Nintendo nimmt Neuland unter den Pflug

Einen Masterplan zu Beginn gab es nicht. „Damals hatte Nintendo zuvor noch kein 3D-Spiel entwickelt, daher wusste ehrlich gesagt niemand so wirklich, was er machte“, berichtete Programmierer Giles Goddard. „Es wurde viel experimentiert, viel improvisiert.“ Durchaus hatte es aber Vorläufer gegeben. Das SNES-Spiel „Star Fox“, gemeinsam von Nintendo und Argonaut Games unter Mitwirkung von Goddard und Dylan Cuthbert entwickelt, hatten wir schon im ersten Teil der Reportage erwähnt. Einflussreich waren wohl auch zwei weitere Projekte, die im Umfeld des britischen Studios und des Super-FX-Chips in Arbeit waren: Das zunächst unveröffentlichte „Star Fox 2“, das auch Platformer-Elemente inkorporierte, sowie ein 3D-Jump’n’Run rund um Yoshi, das aber schon sehr früh eingestampft wurde und über das so gut wie nichts bekannt ist.

Ansichten eines Klempners

Mehrere Monate lang experimentierten die Entwickler zu Beginn mit unterschiedlichen Kameraperspektiven. Hatte man sich in 2D-Spielen kaum Gedanken um diesen Aspekt machen müssen, so musste sich das Team nun regelrecht den Kopf darüber zerbrechen. Dies hat wohl auch Miyamotos anfängliche Euphorie etwas gebremst, da er nach Projektbeginn „Tag für Tag ziemlich frustriert war“, wie Co-Director Yoshiaki Koizumi sagte. Von einer festgestellten über eine bewegliche Kamera bis hin zu einem System, bei dem die Kamerasteuerung vollständig in den Händen der Spielenden lag, wurde alles ausprobiert.

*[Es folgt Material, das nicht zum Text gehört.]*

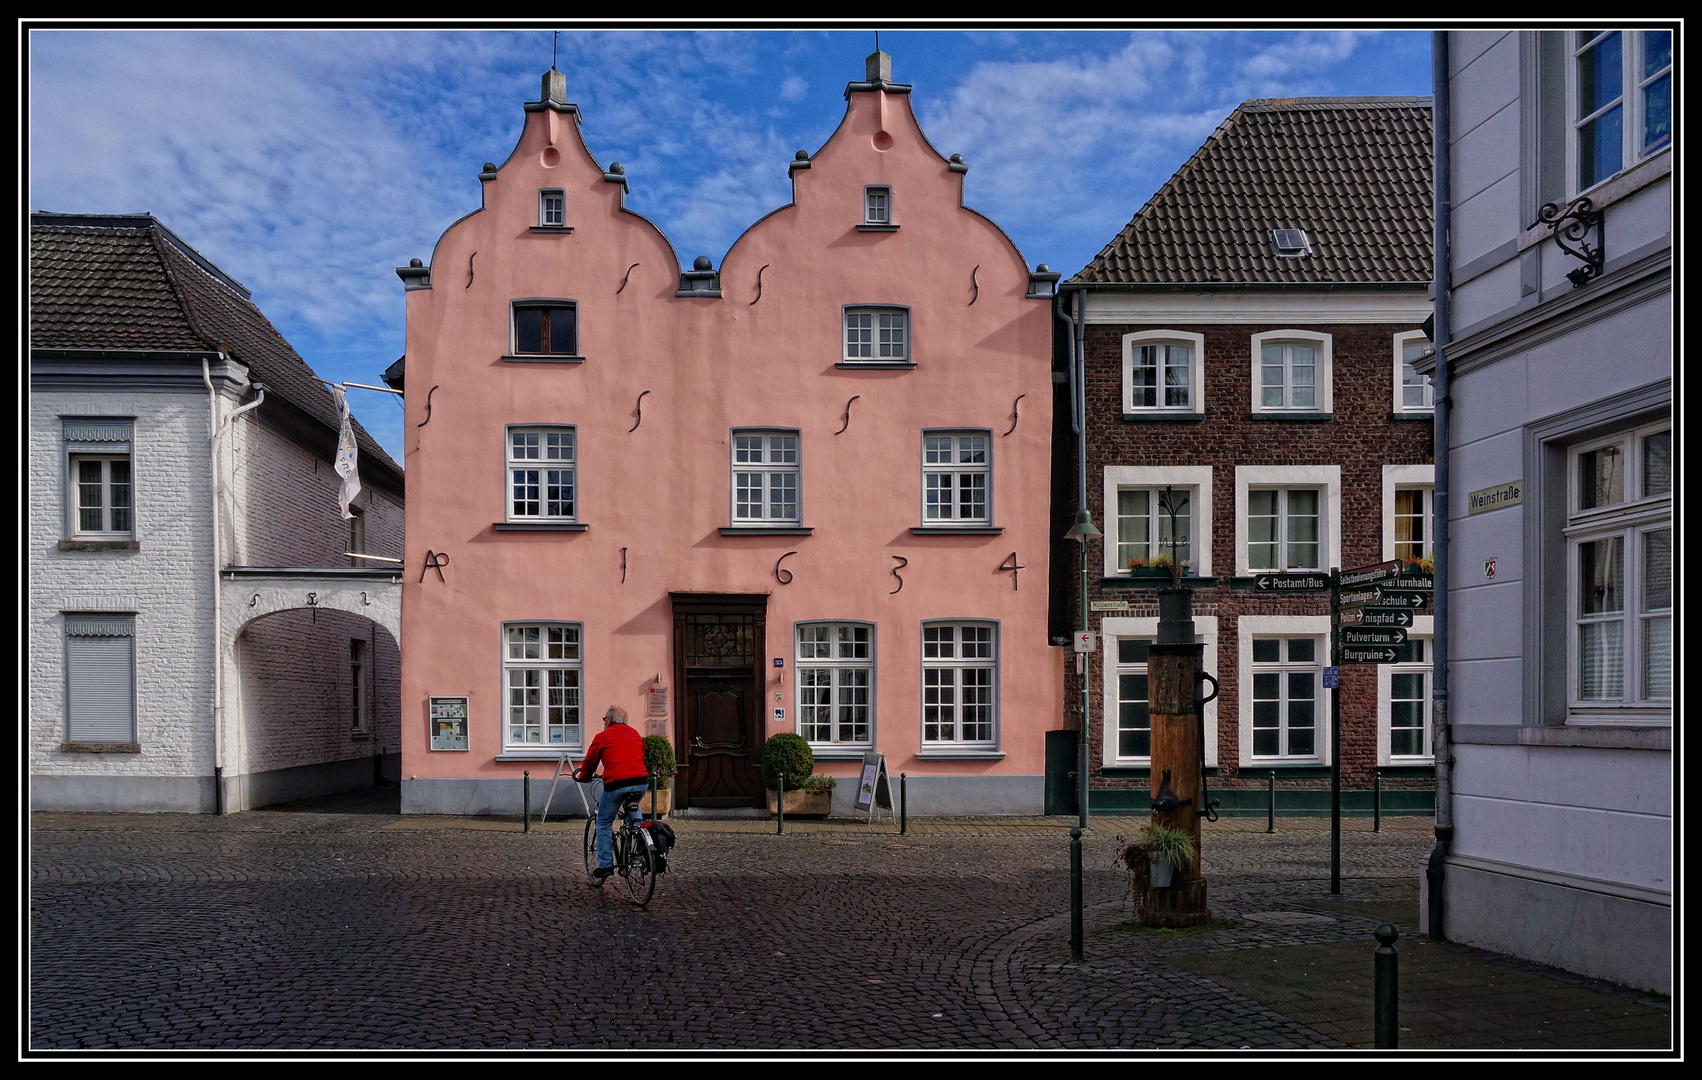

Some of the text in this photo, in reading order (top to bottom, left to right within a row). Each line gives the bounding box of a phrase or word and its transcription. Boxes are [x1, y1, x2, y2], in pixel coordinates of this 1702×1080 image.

[1471, 485, 1519, 508] Weinstraße
[775, 551, 798, 584] 6
[889, 555, 908, 594] 3
[999, 552, 1026, 591] 4
[1273, 577, 1324, 588] Postamt/Bus
[1340, 591, 1373, 605] Sportanlagen
[1341, 611, 1356, 623] Polizei
[1365, 613, 1395, 625] nispfad
[1346, 632, 1390, 642] Pulverturm
[1344, 649, 1383, 661] Burgruine

Zur Durchsetzung gelangte eine Kamera, die die Spielfigur eigenständig verfolgt und vom Spielenden durch Rotieren, Zoomen sowie alternative Blickwinkel gesteuert werden kann. Wie erklärungsbedürftig dieses System damals war, zeigt sich daran, dass Nintendo im Spiel die Illusion eines auf einer Wolke fliegenden Kameramann-Lakitus als veranschaulichendes Konstrukt erzeugte. Abgesehen von einigen Ecken und Macken, die aber auch ein Vierteljahrhundert später in 3D-Spielen zur Tagesordnung gehören, ist die Kameraprogrammierung in ihren Grundzügen erstaunlich gut gealtert.

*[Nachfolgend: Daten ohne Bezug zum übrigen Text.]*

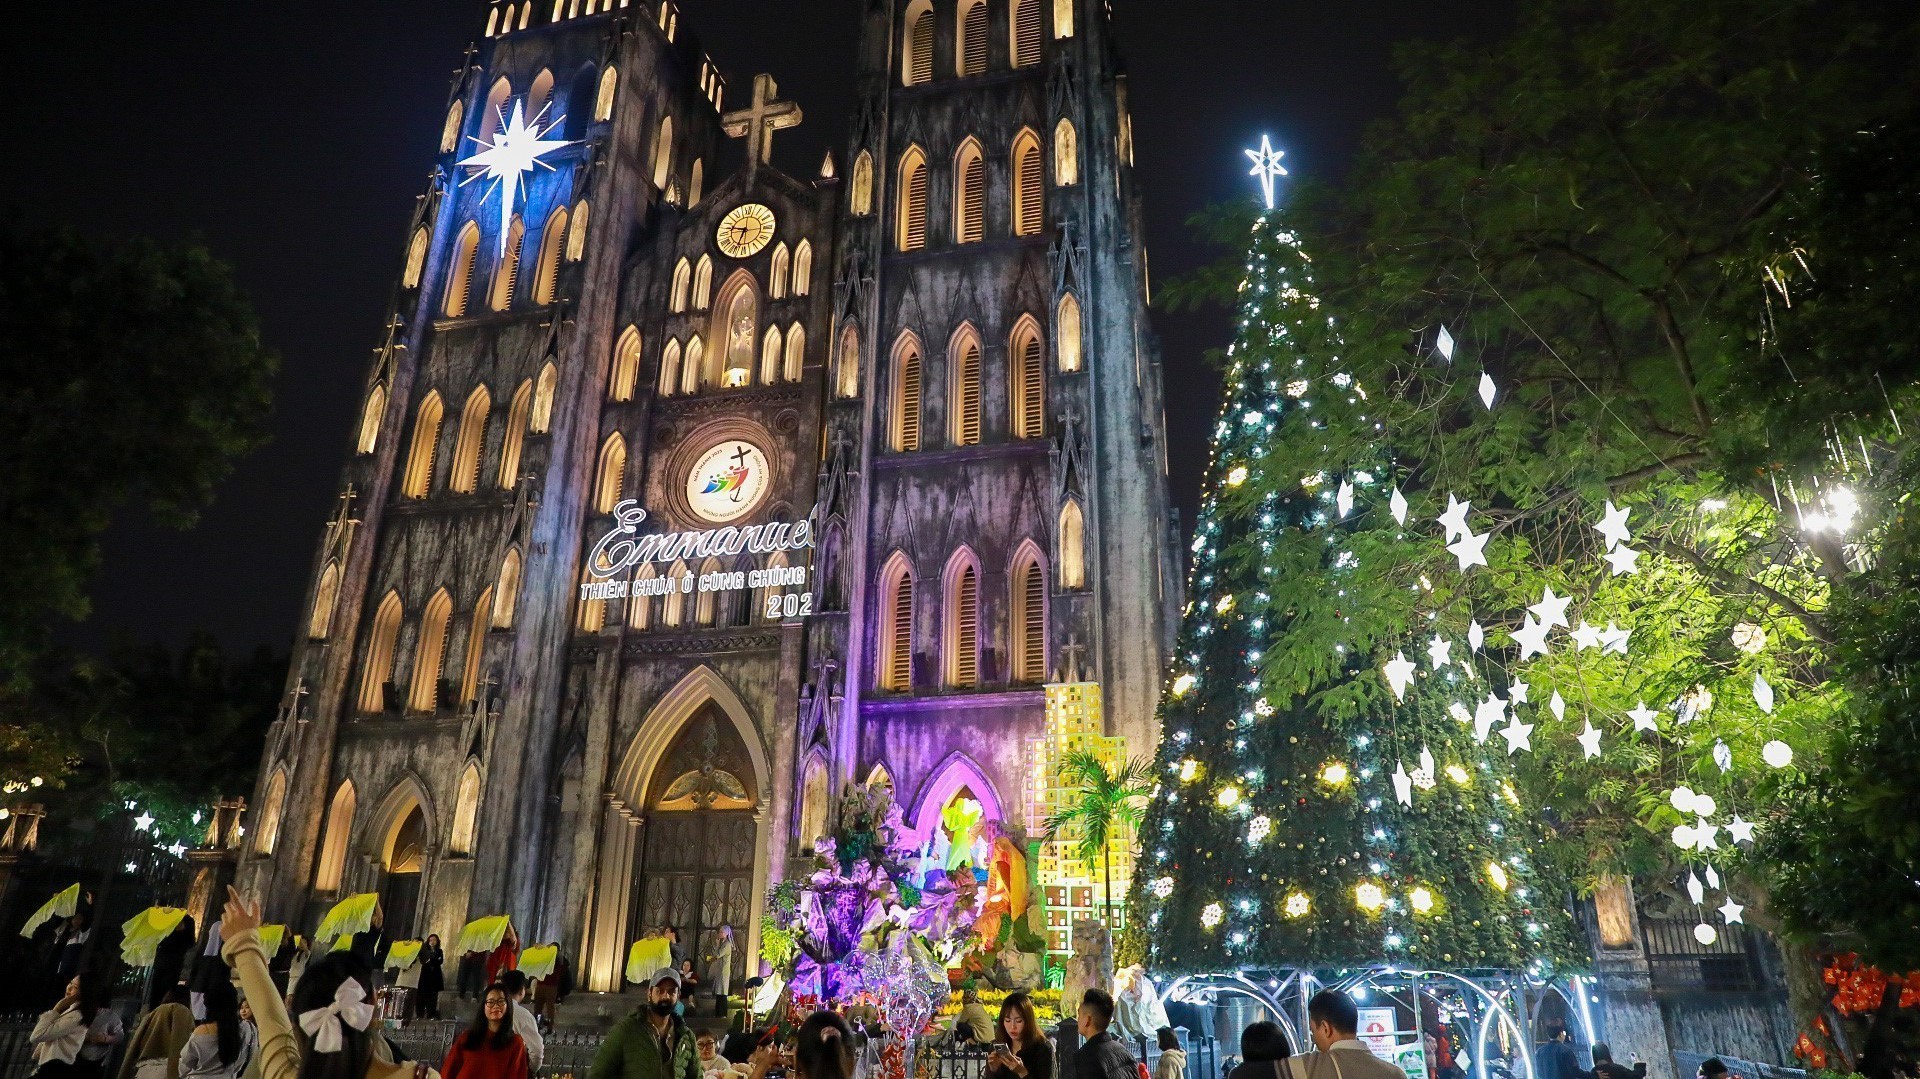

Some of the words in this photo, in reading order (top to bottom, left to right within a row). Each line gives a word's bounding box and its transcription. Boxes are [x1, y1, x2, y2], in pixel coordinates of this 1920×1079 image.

[580, 578, 628, 600] THIÊN
[632, 574, 676, 597] CHÚA
[698, 571, 745, 592] CÙNG
[748, 565, 806, 588] CHÚNG
[767, 592, 813, 618] 202

Davon, dass das alles auch ganz anders hätte werden können, legt noch im fertigen Spiel die Option Zeugnis ab, die Kamera durch Knopfdruck zu fixieren – wohl ein Überbleibsel aus früheren Entwicklungsphasen. In Interviews fand auch eine Parallelkamera Erwähnung, die ähnlich wie in 2D-Spielen ausgefallen wäre. Dies hätte zwar eine sehr unkomplizierte Orientierung ermöglicht, aber nur im Rahmen eher linearer Levelkonzepte funktioniert. Die Idee verweist auf eine frühe Entwicklungsphase, in der das Spielkonzept noch keinen maßgeblichen Unterschied zu den vorhergehenden „Super Mario“-Spielen in 2D aufwies.

Für heutige Verhältnisse ist die Kameraprogrammierung von „Super Mario 64“ hoffnungslos veraltet, doch vor einem Vierteljahrhundert war sie ein technisches Meisterwerk, zu dessen Veranschaulichung Nintendo die Figur eines Kameramann-Lakitus im Spiel etablierte. Verantwortlich für die Kamera war Takumi Kawagoe, von Giles Goddard als „sehr, sehr guter Programmierer“ bezeichnet; später wirkte er unter anderem an den Videosequenzen mehrerer „Zelda“-Teile mit.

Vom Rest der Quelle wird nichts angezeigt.